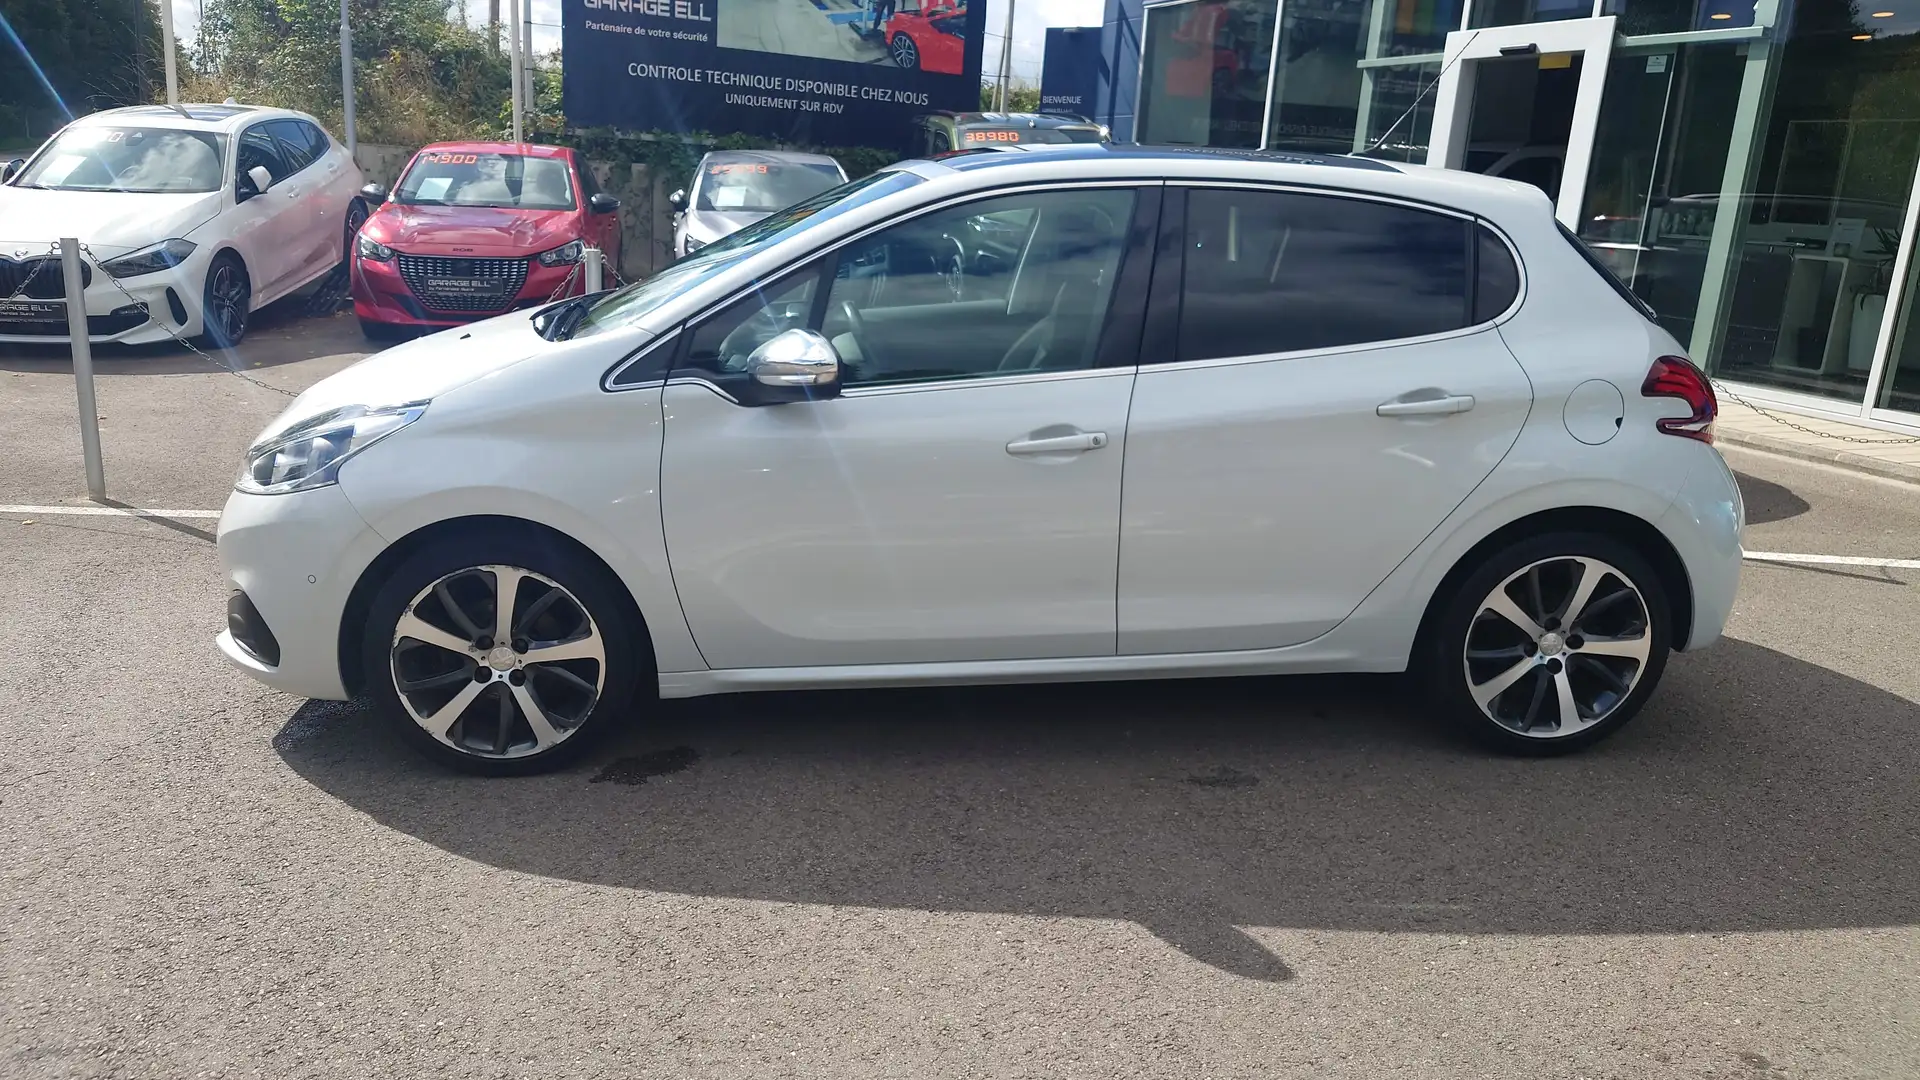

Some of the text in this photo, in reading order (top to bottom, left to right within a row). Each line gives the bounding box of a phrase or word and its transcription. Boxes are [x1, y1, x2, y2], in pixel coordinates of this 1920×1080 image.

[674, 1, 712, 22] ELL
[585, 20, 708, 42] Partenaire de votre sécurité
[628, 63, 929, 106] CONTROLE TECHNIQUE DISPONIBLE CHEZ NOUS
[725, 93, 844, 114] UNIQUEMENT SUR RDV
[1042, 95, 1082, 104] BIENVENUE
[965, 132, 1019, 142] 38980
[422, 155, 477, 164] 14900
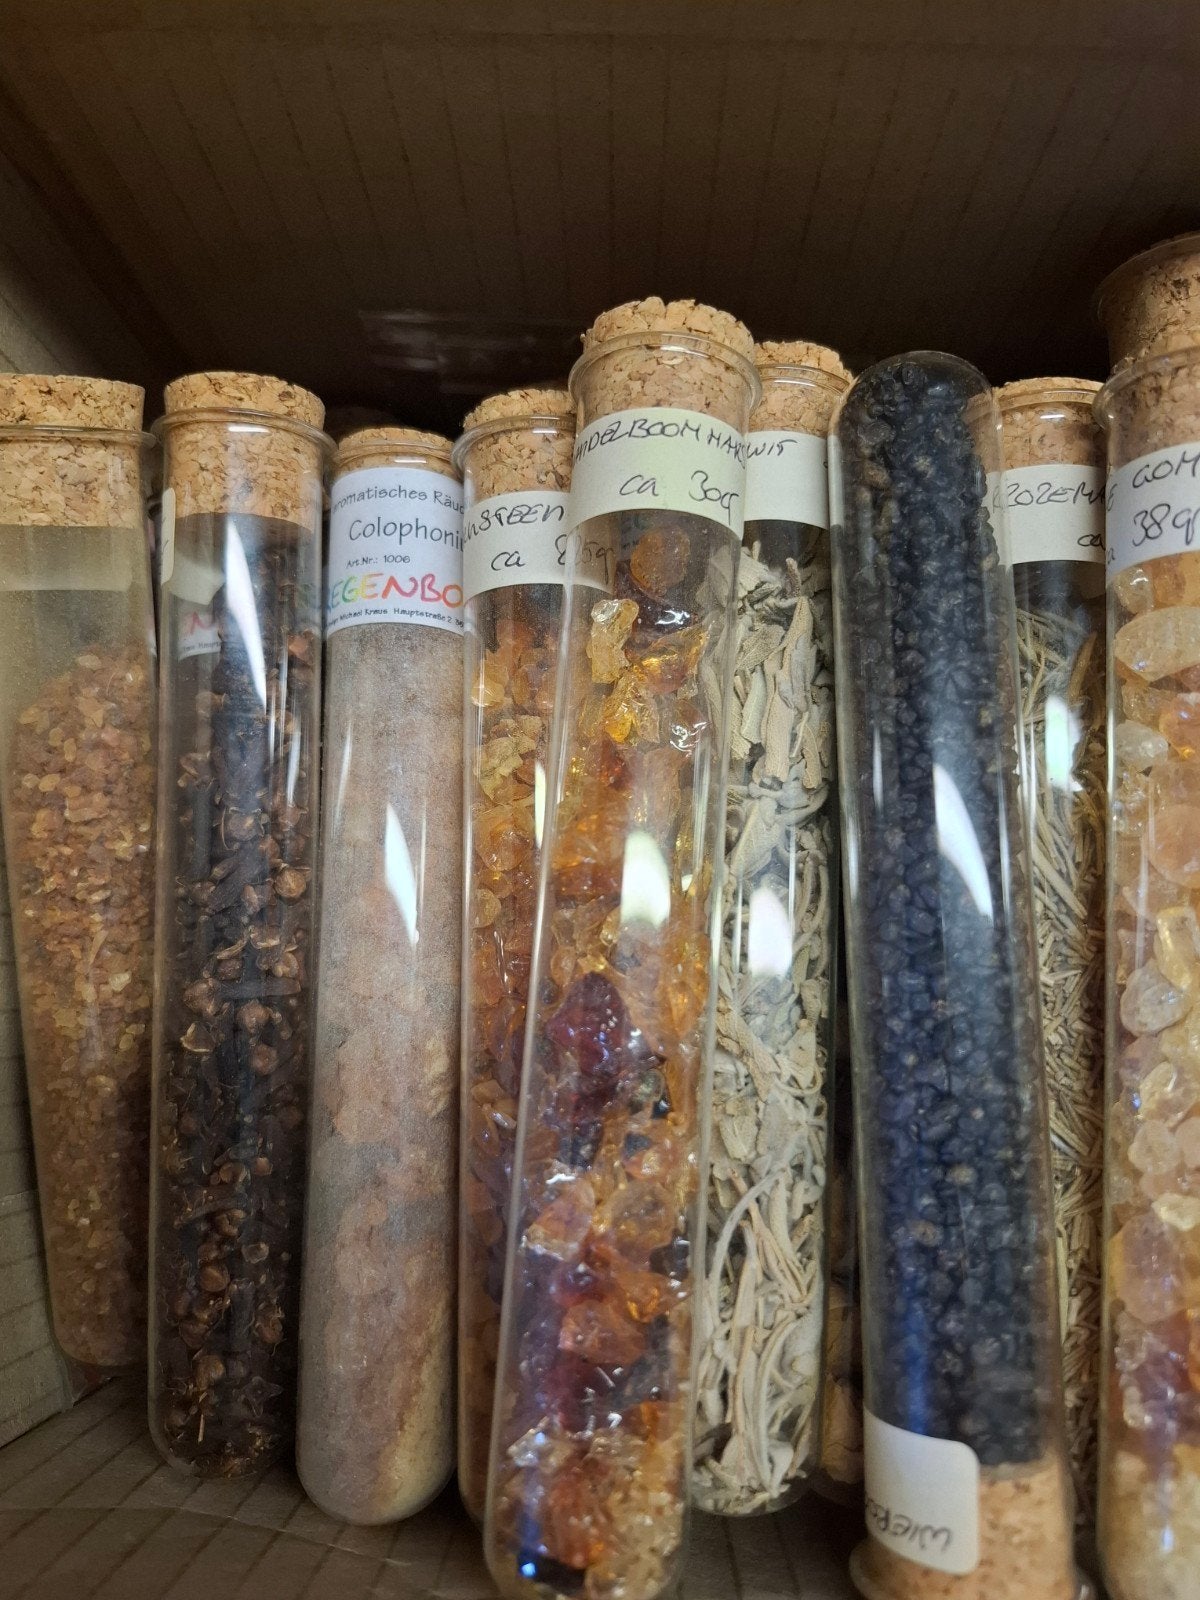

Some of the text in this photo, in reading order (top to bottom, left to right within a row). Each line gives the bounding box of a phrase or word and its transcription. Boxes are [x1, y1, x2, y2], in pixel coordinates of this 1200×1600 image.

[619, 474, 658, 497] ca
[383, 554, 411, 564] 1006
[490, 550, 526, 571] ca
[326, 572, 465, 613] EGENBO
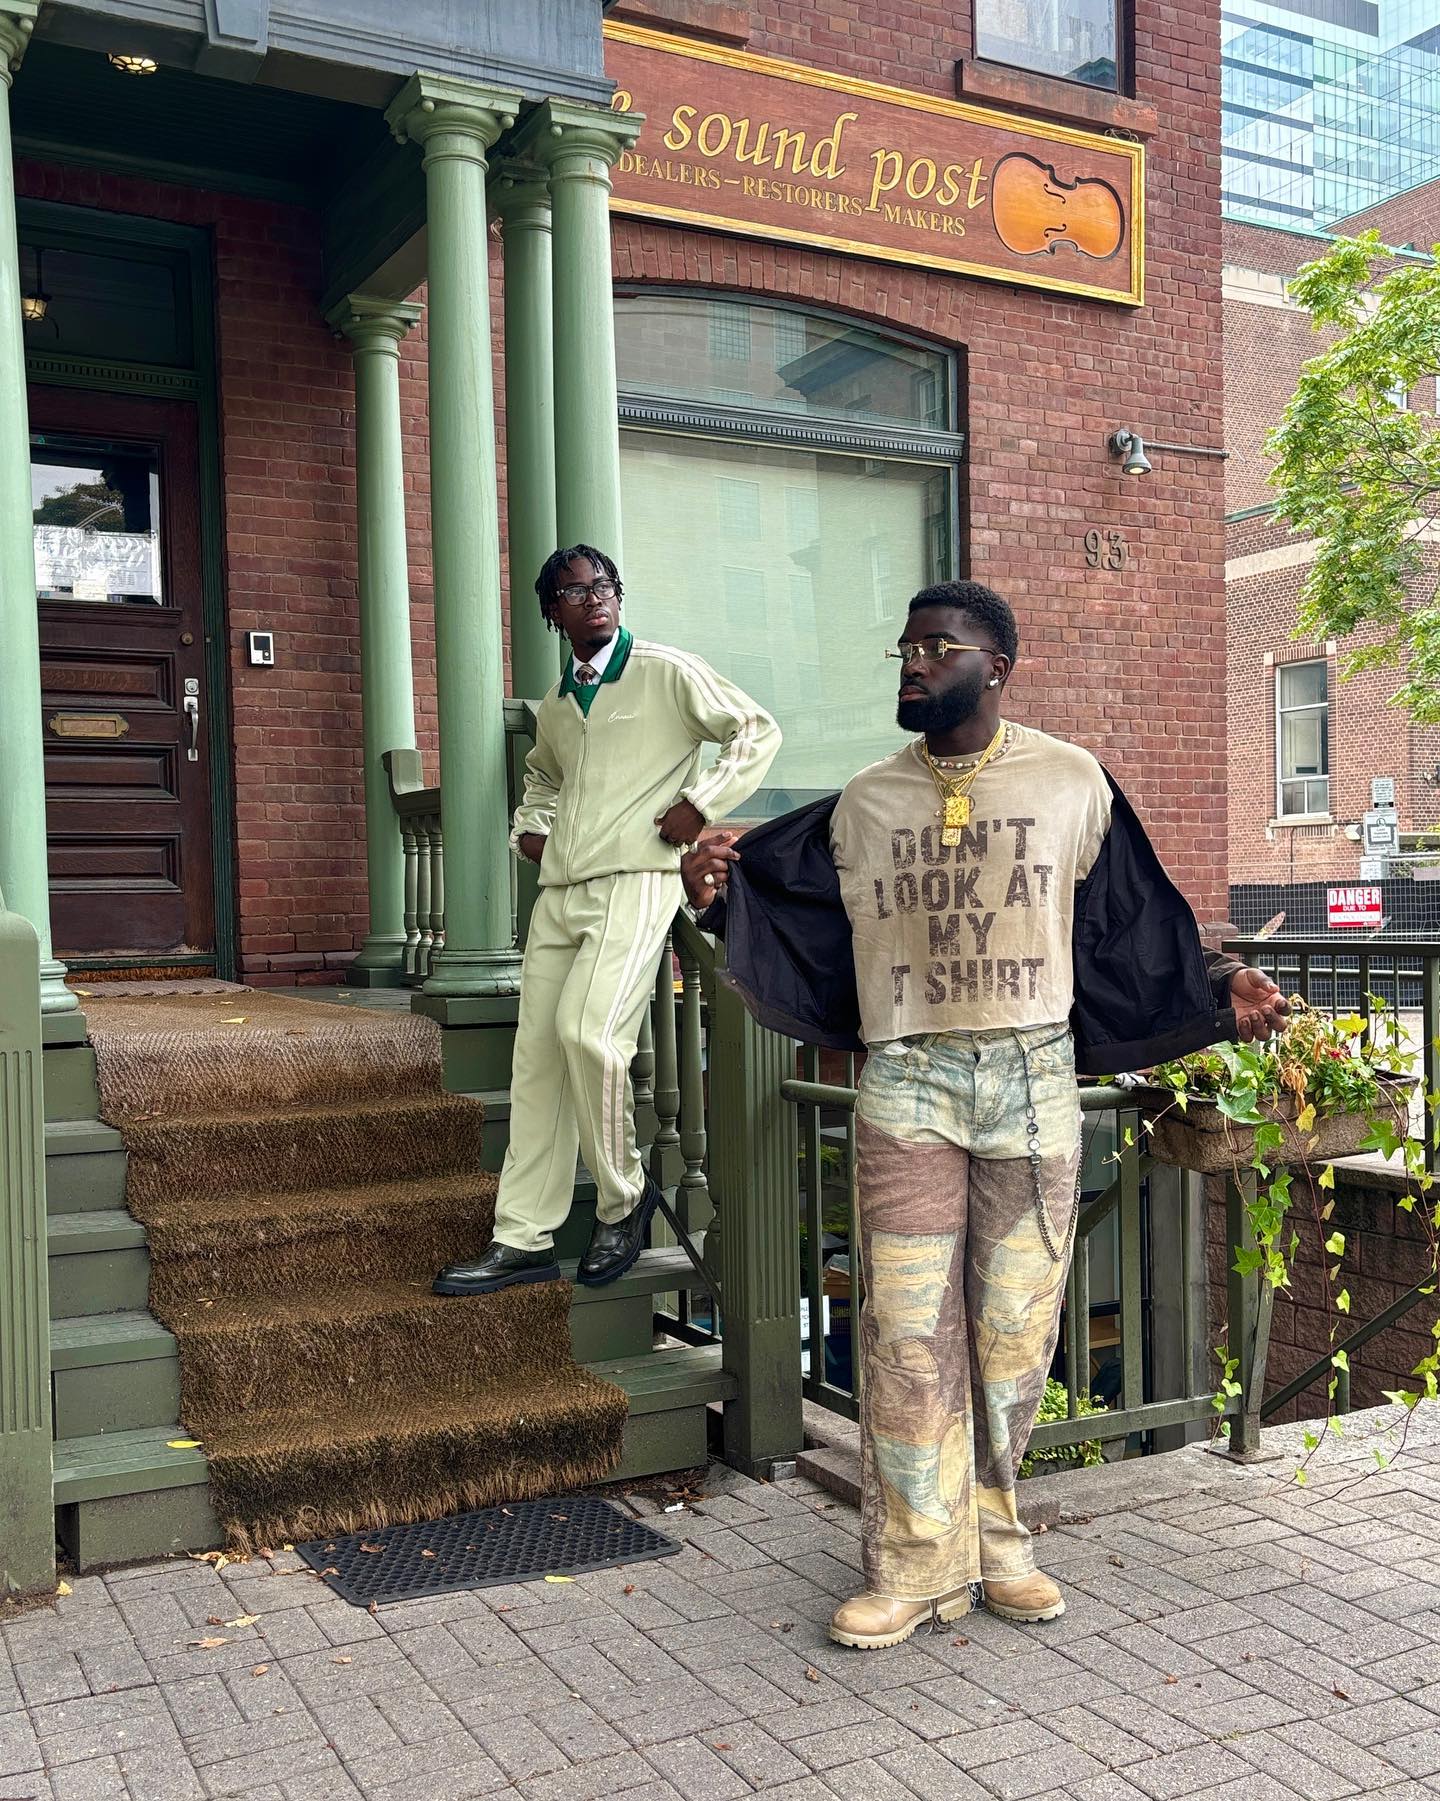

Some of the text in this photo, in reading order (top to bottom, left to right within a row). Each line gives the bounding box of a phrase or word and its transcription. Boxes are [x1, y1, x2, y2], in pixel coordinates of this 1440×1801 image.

==========

● **What the task requires**
The copy must match each record exactly, apart from the images, which stay out.

● **Expected output**
Some of the text in this photo, in reading order (top to bottom, left to right within a row). Each line gives the bounding box of a phrase or word and its transcription. Boxes are [x1, y1, x2, y2], in pixel coordinates of this 1920×1080 image.

[674, 1, 712, 22] ELL
[585, 20, 708, 42] Partenaire de votre sécurité
[628, 63, 929, 106] CONTROLE TECHNIQUE DISPONIBLE CHEZ NOUS
[725, 93, 844, 114] UNIQUEMENT SUR RDV
[1042, 95, 1082, 104] BIENVENUE
[965, 132, 1019, 142] 38980
[422, 155, 477, 164] 14900

Some of the text in this photo, in reading order (top to bottom, left to right within a row). Each line gives the bounding box of a phrase or word and its transcription. Boxes are [x1, y1, x2, y2], in pixel coordinates of this 1200×1600 image.

[619, 474, 658, 497] ca
[383, 554, 411, 564] 1006
[490, 550, 526, 571] ca
[326, 572, 465, 613] EGENBO

Some of the text in this photo, in reading order (top to bottom, left to right within a row). Each line gives the bounding box of a phrase or word and its transcription. Boxes are [x1, y1, x2, y2], in pixel coordinates of this 1440×1801 image.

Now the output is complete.